Dataset extract below:

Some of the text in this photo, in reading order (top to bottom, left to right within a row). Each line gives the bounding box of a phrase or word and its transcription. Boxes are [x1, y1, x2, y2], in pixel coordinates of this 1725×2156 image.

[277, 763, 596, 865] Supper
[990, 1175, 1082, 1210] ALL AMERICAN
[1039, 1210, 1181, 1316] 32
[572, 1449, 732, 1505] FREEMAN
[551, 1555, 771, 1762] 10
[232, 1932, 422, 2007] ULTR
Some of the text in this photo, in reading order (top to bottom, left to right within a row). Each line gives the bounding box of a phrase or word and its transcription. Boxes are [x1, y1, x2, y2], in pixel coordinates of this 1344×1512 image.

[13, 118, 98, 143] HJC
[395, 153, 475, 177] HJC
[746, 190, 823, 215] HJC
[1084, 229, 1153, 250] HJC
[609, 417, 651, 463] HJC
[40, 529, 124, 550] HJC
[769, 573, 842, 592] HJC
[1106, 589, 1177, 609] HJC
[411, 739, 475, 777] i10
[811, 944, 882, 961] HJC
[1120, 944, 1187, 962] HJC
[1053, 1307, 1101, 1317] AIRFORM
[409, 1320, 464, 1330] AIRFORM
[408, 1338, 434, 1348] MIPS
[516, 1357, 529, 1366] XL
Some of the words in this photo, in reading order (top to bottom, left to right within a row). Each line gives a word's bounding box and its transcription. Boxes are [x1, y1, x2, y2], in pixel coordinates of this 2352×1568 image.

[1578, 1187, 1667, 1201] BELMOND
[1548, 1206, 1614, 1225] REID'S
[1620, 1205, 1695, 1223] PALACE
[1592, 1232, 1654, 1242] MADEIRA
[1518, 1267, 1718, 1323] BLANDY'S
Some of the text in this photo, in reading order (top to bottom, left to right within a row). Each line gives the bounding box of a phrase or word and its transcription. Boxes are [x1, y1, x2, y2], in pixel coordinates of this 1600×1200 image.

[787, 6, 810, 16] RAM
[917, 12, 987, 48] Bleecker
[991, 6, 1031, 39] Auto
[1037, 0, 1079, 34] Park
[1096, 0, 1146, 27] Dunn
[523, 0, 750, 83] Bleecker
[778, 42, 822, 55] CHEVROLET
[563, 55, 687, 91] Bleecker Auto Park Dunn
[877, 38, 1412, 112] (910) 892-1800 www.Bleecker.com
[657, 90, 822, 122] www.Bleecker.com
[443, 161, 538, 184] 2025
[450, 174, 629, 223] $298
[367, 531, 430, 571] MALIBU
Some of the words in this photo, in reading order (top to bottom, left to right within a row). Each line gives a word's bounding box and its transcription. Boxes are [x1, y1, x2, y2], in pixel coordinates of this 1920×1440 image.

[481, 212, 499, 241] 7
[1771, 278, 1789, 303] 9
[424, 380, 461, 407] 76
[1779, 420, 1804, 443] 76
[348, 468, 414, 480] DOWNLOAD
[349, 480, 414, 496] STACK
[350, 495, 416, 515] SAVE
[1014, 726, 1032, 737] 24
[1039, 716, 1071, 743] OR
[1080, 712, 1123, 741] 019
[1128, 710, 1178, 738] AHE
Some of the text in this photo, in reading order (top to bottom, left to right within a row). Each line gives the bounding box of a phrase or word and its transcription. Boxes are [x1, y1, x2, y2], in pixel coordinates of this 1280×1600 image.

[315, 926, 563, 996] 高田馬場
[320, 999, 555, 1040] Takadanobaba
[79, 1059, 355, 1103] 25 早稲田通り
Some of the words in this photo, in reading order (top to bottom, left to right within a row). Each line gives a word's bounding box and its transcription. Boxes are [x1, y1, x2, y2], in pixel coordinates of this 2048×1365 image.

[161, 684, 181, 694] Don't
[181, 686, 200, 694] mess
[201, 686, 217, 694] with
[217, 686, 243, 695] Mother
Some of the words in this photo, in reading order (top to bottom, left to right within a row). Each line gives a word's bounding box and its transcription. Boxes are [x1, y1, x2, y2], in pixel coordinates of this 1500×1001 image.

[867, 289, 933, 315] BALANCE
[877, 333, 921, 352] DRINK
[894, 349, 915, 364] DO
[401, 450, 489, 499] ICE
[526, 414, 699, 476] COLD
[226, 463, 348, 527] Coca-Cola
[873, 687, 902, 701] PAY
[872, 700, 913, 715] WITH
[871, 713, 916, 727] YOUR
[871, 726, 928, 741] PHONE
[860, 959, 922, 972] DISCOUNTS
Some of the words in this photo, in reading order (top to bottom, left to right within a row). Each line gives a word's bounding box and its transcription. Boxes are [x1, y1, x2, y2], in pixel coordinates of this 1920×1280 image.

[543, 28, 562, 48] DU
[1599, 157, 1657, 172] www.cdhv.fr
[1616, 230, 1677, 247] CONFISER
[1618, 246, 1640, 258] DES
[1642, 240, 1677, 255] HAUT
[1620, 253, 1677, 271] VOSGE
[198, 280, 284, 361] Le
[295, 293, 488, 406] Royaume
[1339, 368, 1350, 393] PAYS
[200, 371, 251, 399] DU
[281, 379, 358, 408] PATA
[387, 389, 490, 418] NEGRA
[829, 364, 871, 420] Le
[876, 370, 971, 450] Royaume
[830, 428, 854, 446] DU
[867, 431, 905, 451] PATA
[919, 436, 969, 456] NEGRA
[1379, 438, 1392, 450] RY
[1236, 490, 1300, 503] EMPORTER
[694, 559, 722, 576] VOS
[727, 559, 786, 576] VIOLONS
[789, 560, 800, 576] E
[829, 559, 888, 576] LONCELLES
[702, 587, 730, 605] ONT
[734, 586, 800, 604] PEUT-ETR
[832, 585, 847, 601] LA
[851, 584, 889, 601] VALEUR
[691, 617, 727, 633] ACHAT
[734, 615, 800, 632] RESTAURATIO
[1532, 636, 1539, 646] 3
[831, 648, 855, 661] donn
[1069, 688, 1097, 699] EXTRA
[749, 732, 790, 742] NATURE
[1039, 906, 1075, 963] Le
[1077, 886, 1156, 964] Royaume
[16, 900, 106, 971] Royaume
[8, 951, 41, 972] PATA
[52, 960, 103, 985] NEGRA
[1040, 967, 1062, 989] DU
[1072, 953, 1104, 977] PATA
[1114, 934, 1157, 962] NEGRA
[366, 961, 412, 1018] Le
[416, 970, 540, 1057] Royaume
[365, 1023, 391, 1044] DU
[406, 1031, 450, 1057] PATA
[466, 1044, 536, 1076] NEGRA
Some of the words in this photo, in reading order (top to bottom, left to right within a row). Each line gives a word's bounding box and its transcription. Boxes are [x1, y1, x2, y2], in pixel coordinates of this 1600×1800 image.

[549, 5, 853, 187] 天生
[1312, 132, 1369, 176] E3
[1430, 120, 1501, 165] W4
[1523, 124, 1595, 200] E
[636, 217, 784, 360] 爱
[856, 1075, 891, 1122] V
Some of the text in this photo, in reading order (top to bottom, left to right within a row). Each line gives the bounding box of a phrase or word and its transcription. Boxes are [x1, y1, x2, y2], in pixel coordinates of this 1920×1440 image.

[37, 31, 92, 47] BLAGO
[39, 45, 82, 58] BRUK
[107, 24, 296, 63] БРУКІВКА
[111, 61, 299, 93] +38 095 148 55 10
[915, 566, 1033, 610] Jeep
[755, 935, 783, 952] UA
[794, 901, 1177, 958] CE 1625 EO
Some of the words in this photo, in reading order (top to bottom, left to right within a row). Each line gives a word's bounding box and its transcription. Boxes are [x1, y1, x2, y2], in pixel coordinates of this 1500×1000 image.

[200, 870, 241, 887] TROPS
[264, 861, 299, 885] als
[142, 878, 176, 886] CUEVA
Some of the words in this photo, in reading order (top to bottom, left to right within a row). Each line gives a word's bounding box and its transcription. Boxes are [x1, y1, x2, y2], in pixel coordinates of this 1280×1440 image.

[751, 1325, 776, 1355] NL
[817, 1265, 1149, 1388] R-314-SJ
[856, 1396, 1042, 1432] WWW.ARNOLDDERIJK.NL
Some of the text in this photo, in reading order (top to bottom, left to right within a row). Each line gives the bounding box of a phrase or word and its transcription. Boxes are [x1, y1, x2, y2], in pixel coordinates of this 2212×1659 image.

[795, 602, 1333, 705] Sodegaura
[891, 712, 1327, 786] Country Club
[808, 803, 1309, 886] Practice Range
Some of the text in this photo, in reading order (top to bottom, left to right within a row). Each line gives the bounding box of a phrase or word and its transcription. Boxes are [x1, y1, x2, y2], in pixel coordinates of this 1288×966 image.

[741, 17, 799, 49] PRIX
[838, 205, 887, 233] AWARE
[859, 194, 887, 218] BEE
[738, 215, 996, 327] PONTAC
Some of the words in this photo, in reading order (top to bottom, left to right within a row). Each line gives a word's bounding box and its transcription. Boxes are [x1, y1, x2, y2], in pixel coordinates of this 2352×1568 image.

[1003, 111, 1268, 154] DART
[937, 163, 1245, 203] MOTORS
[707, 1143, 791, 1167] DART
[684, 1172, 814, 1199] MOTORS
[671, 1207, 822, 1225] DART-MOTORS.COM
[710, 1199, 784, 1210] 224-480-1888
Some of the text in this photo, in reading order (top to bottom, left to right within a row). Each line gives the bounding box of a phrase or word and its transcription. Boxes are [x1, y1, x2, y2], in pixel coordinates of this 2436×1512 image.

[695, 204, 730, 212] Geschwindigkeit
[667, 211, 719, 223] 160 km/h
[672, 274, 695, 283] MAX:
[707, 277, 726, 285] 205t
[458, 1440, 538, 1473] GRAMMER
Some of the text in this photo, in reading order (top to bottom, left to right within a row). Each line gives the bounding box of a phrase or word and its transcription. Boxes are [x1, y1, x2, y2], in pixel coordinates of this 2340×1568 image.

End of Dataset extract.

Please write out, exactly as they appear, the line that contains "this 2436×1512 image." and every line after it up to the end of the entries above, and no others.

### Result of the task
Some of the text in this photo, in reading order (top to bottom, left to right within a row). Each line gives the bounding box of a phrase or word and its transcription. Boxes are [x1, y1, x2, y2], in pixel coordinates of this 2436×1512 image.

[695, 204, 730, 212] Geschwindigkeit
[667, 211, 719, 223] 160 km/h
[672, 274, 695, 283] MAX:
[707, 277, 726, 285] 205t
[458, 1440, 538, 1473] GRAMMER
Some of the text in this photo, in reading order (top to bottom, left to right within a row). Each line gives the bounding box of a phrase or word and its transcription. Boxes are [x1, y1, x2, y2], in pixel coordinates of this 2340×1568 image.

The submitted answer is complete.